The year started off well. The S&P 500 Index hit record highs in February. Companies have raised a total of $7.1 billion on U.S. exchanges so far in 2025, the highest year-to-date total since 2021, per LSEG data. But the sentiment shifted drastically in recent days, as investors digested signs of slowing growth and the reality of U.S. President Donald Trump’s tariff policies.
The S&P was down 1% by mid-morning New York time on Tuesday, following a 3% fall on Monday. The CBOE Volatility Index or VIX, sometimes known as Wall Street’s “fear gauge” hit 29, or double its mid-February levels. IPO bankers told Breakingviews that a reading above 20 usually starts to bring floats into question. And the major share sales that got away earlier in the year are performing badly: Venture Global, a liquefied natural gas producer, and Thoma Bravo-backed SailPoint are roughly 60% and 15% below their respective IPO prices.
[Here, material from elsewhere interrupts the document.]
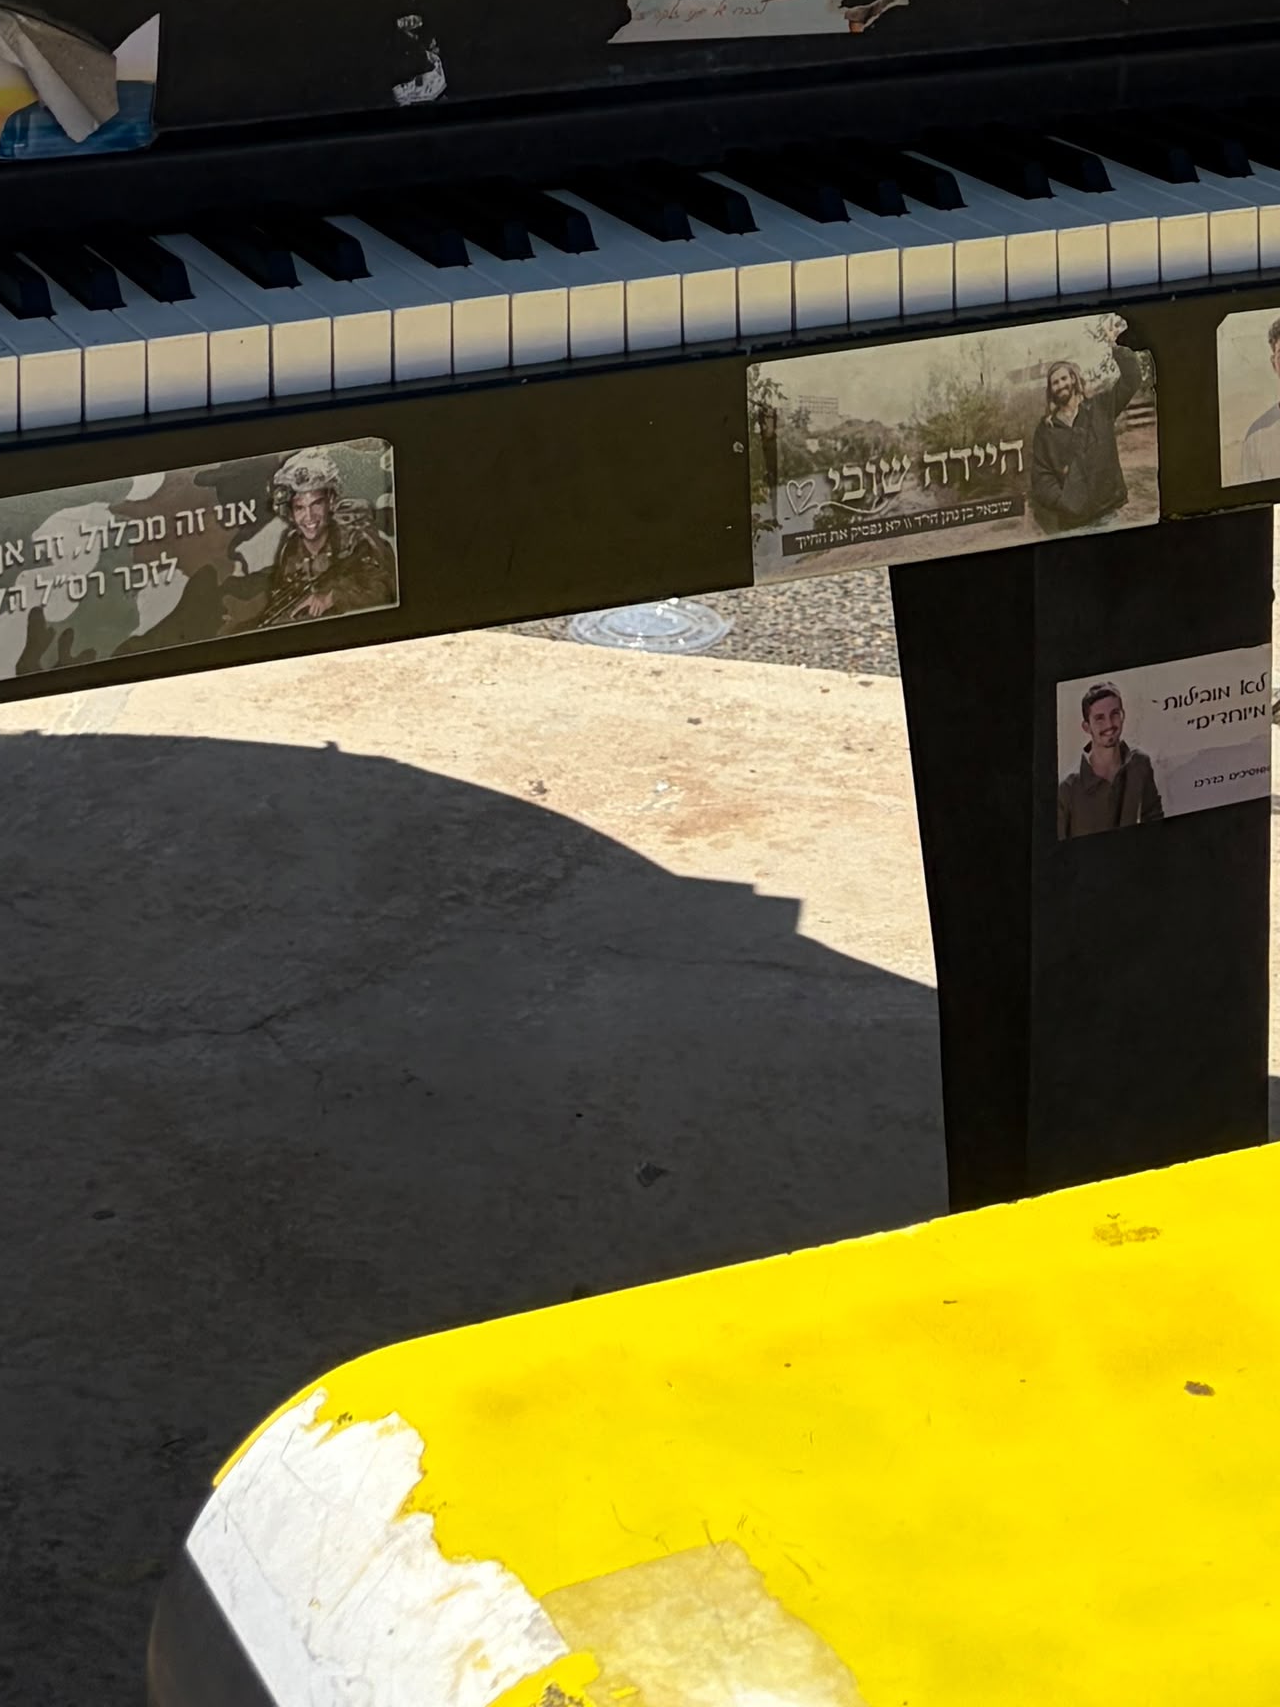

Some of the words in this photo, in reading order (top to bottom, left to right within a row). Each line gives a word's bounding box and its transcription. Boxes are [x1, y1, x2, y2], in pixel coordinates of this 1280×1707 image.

Klarna’s Sebastian Siemiatkowski, CoreWeave’s Michael Intrator and the bosses of other aspiring debutants may press on with their filings and roadshows, hoping that markets stabilise before they pull the trigger. The Swedish pay-later group, for example, has so far not decided to pull the plug, according to a person familiar with the matter.
But there’s every reason to think that the jitters will continue. Valuations are stretched: the S&P’s 12-month forward price-earnings multiple has been above 20 since early last year. The only other times in which the benchmark traded beyond those levels for a sustained period were in the dot-com bubble and heady days of the pandemic market boom, according to LSEG Datastream figures stretching back to the 1980s. Nor does Trump’s trade war seem likely to die down quickly.
Continued choppy markets would present a dilemma for cash-hungry issuers. Cloud computing group CoreWeave, for example, was planning to raise $3 billion, Reuters reported in November. Buyout barons like Blackstone, Carlyle and Hellman & Friedman – who were lining up a possible $50 billion IPO of medical supplies provider Medline according to a Reuters report – need to get cash back to their investors to kickstart a new fundraising cycle. That makes it harder to wait. The added twist is that stock issuers who need the money most may also be subject to the most intense market scrutiny. The supposed boom year of 2025 is rapidly turning into anything but.
The CBOE Volatility Index or VIX, commonly known as Wall Street’s “fear gauge”, hit 29 on March 11, which was the highest level since the market panic of August 2024, according to half-hourly LSEG data. CoreWeave, which sells cloud computing services and access to chips used in artificial intelligence systems, on March 3 unveiled plans for an initial public offering. Its IPO prospectus does not yet indicate how many shares it plans to sell or at what price. Reuters reported in November, citing people familiar with the matter, that the group was aiming to raise more than $3 billion at a valuation over more than $35 billion. Swedish buy-now-pay-later group Klarna in November filed confidential paperwork ahead of a planned New York listing. Private equity-backed medical supplier Medline also filed IPO documents in December. Reuters previously reported that owners Blackstone, Carlyle and Hellman & Friedman were eyeing a valuation as high as $50 billion. Venture Global and SailPoint, two major U.S. IPOs so far in 2025, were trading below their offer prices on March 11.